# REQUIREMENT:
Repeat the listing below line by line, exactly, leaving its pictures behind.
BEGIN SOURCE DATA
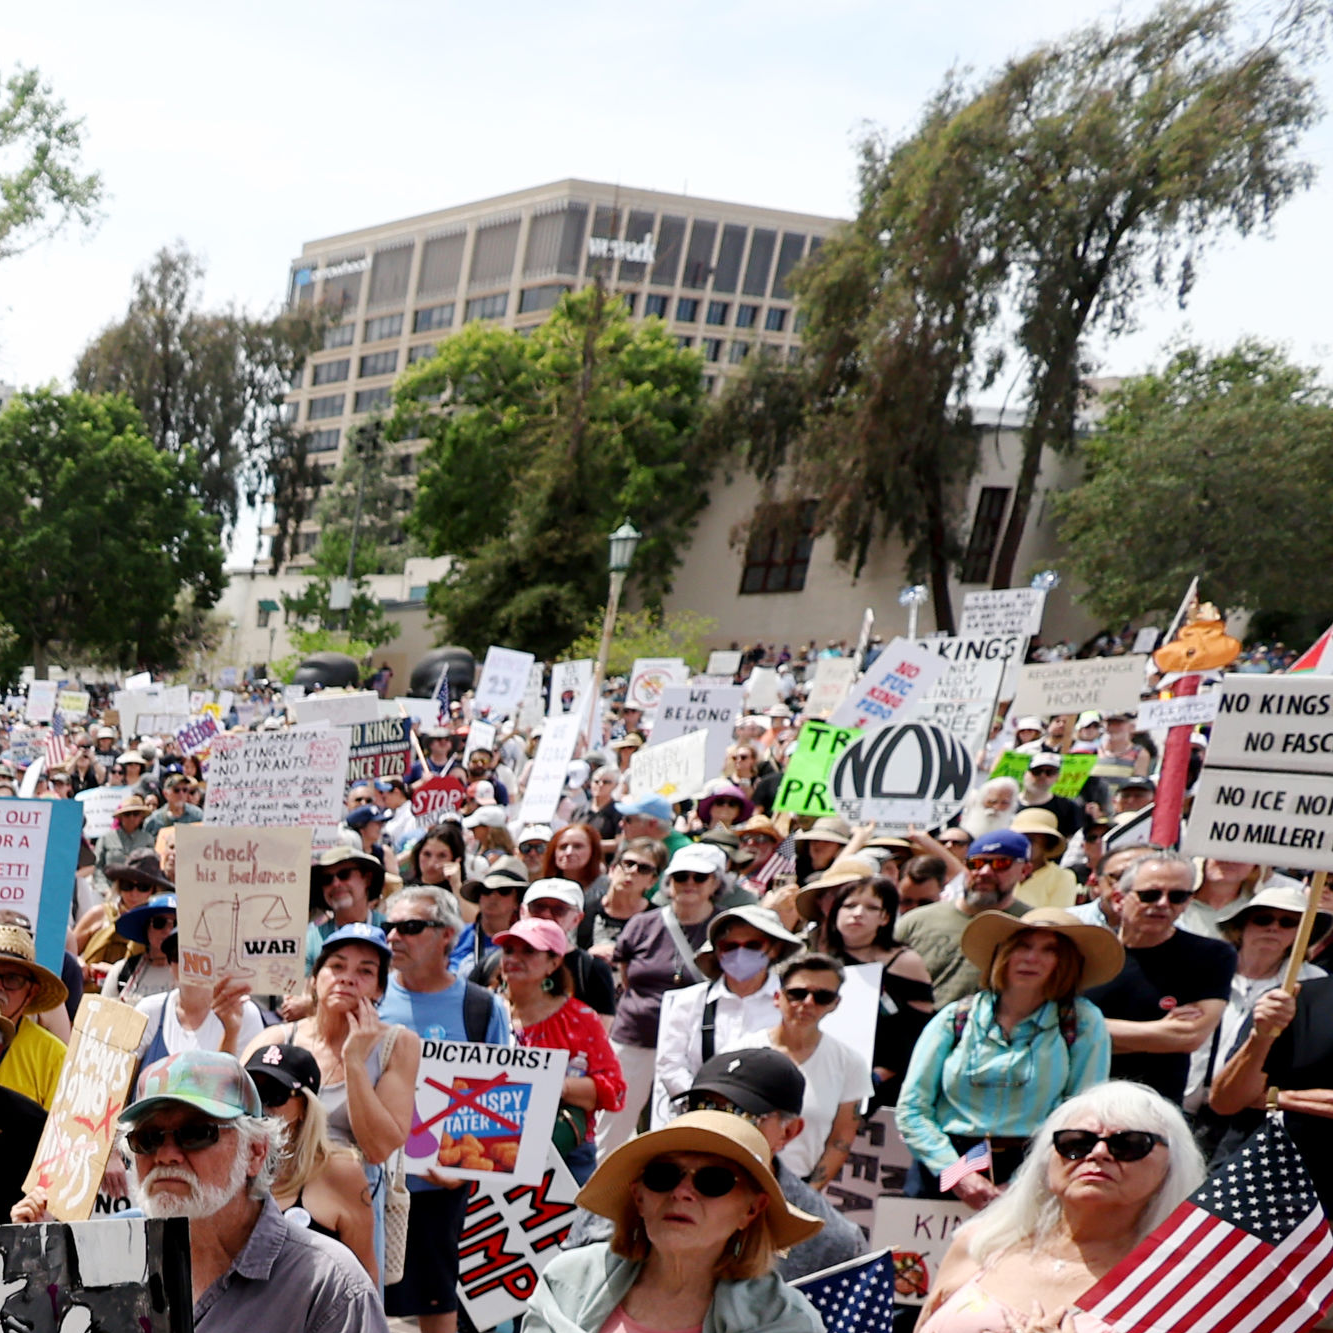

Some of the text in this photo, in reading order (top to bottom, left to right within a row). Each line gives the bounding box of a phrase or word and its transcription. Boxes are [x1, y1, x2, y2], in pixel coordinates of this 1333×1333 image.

[689, 689, 711, 704] WE
[1218, 693, 1331, 716] NO KINGS
[664, 709, 732, 723] BELONG
[363, 717, 403, 743] KINGS
[1244, 731, 1275, 752] NO
[375, 750, 404, 775] 1776
[833, 722, 973, 801] NOW
[412, 789, 462, 813] STOP
[1216, 785, 1245, 807] NO
[1251, 790, 1287, 812] ICE
[6, 810, 42, 825] OUT
[18, 834, 30, 849] A
[1209, 820, 1326, 850] NO MILLER!
[202, 839, 259, 863] check
[195, 860, 298, 886] his balance
[244, 939, 297, 955] WAR
[182, 950, 213, 977] NO
[261, 1045, 284, 1066] LA
[421, 1040, 553, 1072] DICTATORS!
[456, 1089, 524, 1116] ISPY
[443, 1114, 490, 1134] TATER
[94, 1193, 132, 1215] NO
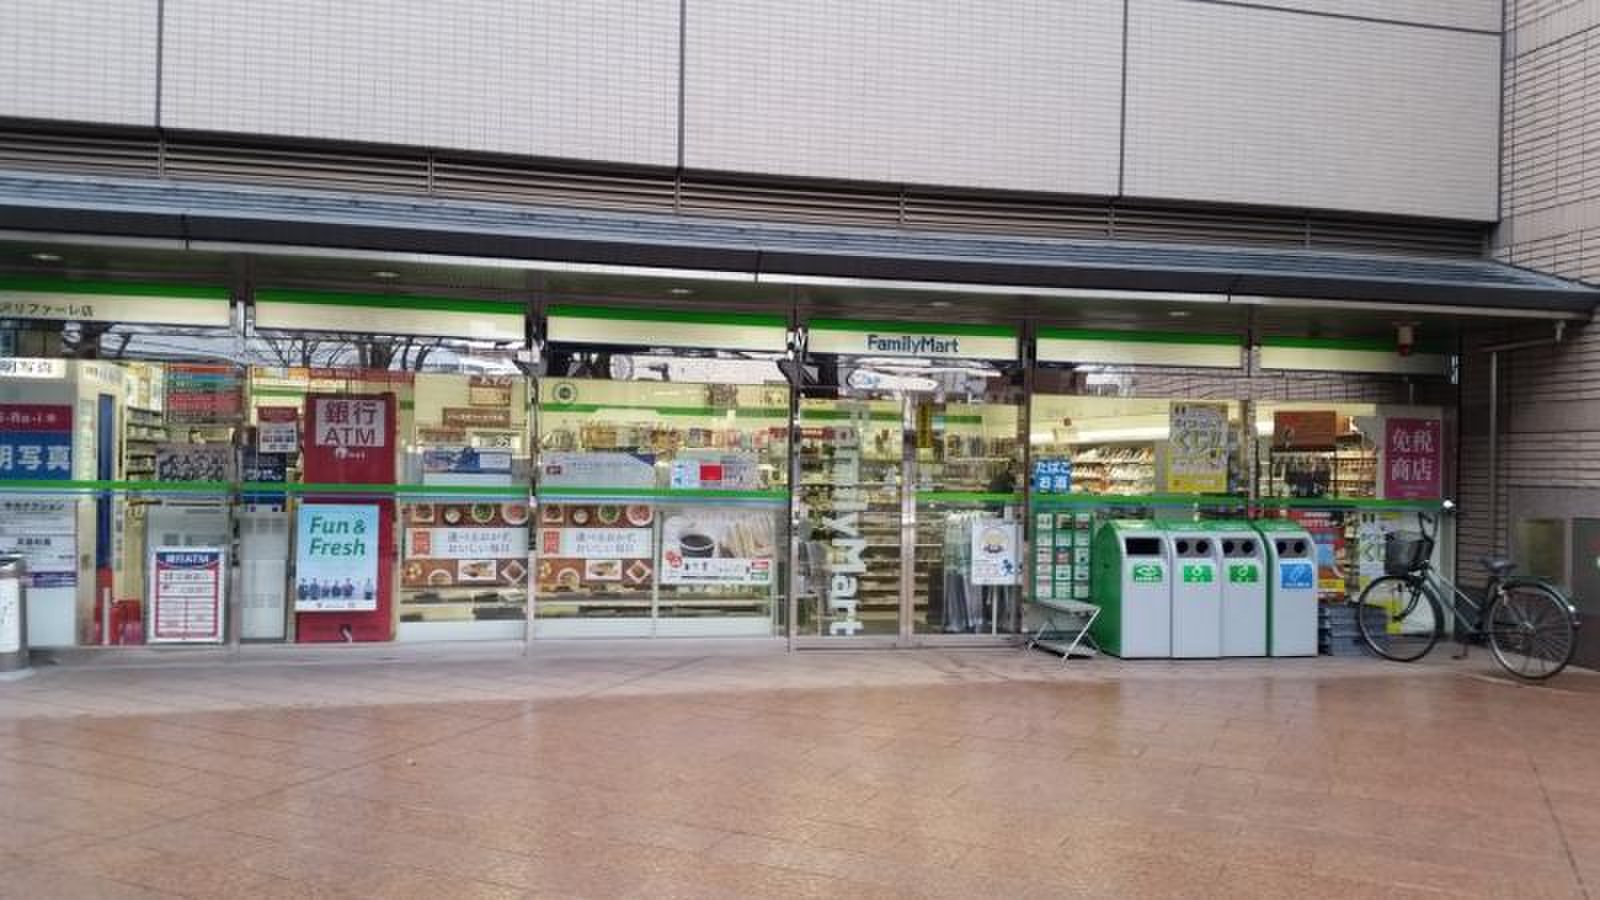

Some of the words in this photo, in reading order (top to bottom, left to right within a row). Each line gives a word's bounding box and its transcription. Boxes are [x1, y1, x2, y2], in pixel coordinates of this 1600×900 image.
END SOURCE DATA
# TASK RESPONSE:
Some of the text in this photo, in reading order (top to bottom, left to right within a row). Each line gives the bounding box of a phrase or word and its transcription. Boxes are [x1, y1, x2, y2], in pixel coordinates of this 1333×1333 image.

[689, 689, 711, 704] WE
[1218, 693, 1331, 716] NO KINGS
[664, 709, 732, 723] BELONG
[363, 717, 403, 743] KINGS
[1244, 731, 1275, 752] NO
[375, 750, 404, 775] 1776
[833, 722, 973, 801] NOW
[412, 789, 462, 813] STOP
[1216, 785, 1245, 807] NO
[1251, 790, 1287, 812] ICE
[6, 810, 42, 825] OUT
[18, 834, 30, 849] A
[1209, 820, 1326, 850] NO MILLER!
[202, 839, 259, 863] check
[195, 860, 298, 886] his balance
[244, 939, 297, 955] WAR
[182, 950, 213, 977] NO
[261, 1045, 284, 1066] LA
[421, 1040, 553, 1072] DICTATORS!
[456, 1089, 524, 1116] ISPY
[443, 1114, 490, 1134] TATER
[94, 1193, 132, 1215] NO

Some of the words in this photo, in reading order (top to bottom, left to right within a row). Each line gives a word's bounding box and its transcription. Boxes are [x1, y1, x2, y2], in pixel coordinates of this 1600×900 image.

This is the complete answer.